Three years ago today I gave birth to my second and last son. The pain of that loss is - unimaginable. No number of children, laughs, smiles or incredible moments can replace those precious few hours I spent with my son and so today I sit here with tears streaming down my face missing him more than I thought possible.
Sometimes life is about reframing. My life's frame cannot sit squarely on my sons and their absence. I would be an disfunctional mess. So I've had to shift focus. Eli and Wyatt are still in the picture, they're just off to the side and a little blurry. Never left out but only allowed to take center frame on two days of the year, their birthdays.
The salve that I've applied to my broken heart his year is that Eli lived almost his entire life in my body.
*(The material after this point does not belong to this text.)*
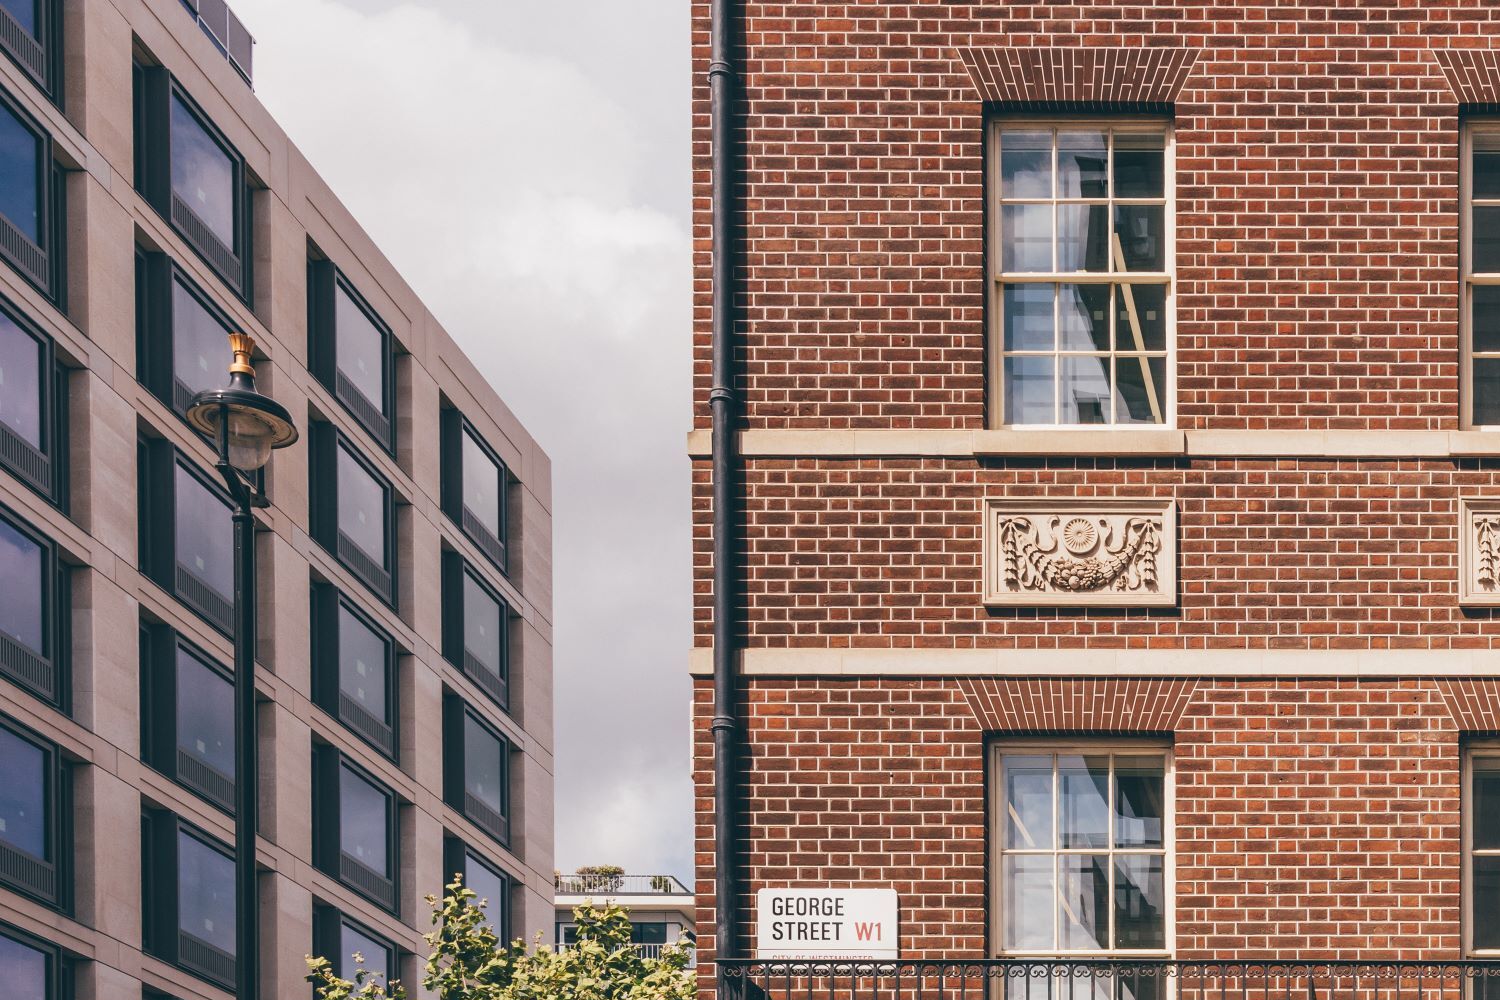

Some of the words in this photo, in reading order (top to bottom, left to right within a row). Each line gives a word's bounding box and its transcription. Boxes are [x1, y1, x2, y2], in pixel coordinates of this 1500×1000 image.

[772, 897, 844, 916] GEORGE
[772, 921, 844, 941] STREET
[855, 922, 881, 941] W1
He knew mostly me. He knew the sound of my voice, when I was happy, when I was sad and everything in between. He felt my body wracked with sobs and my belly bounce with laughter. He heard me singing to him and felt my soft caresses. He slept to the sound of my heartbeat. This brings me a measure of happiness. It is amazing to me that I can still remember so much so vividly three years later, and almost eleven in Wyatt's case. The feelings are still there, they don't leave.
So happy birthday, sweet Eli. This year you have a special treat. Mommy baked and frosted the usual chocolate cupcakes but your three older sisters decorated them and they are spectacular.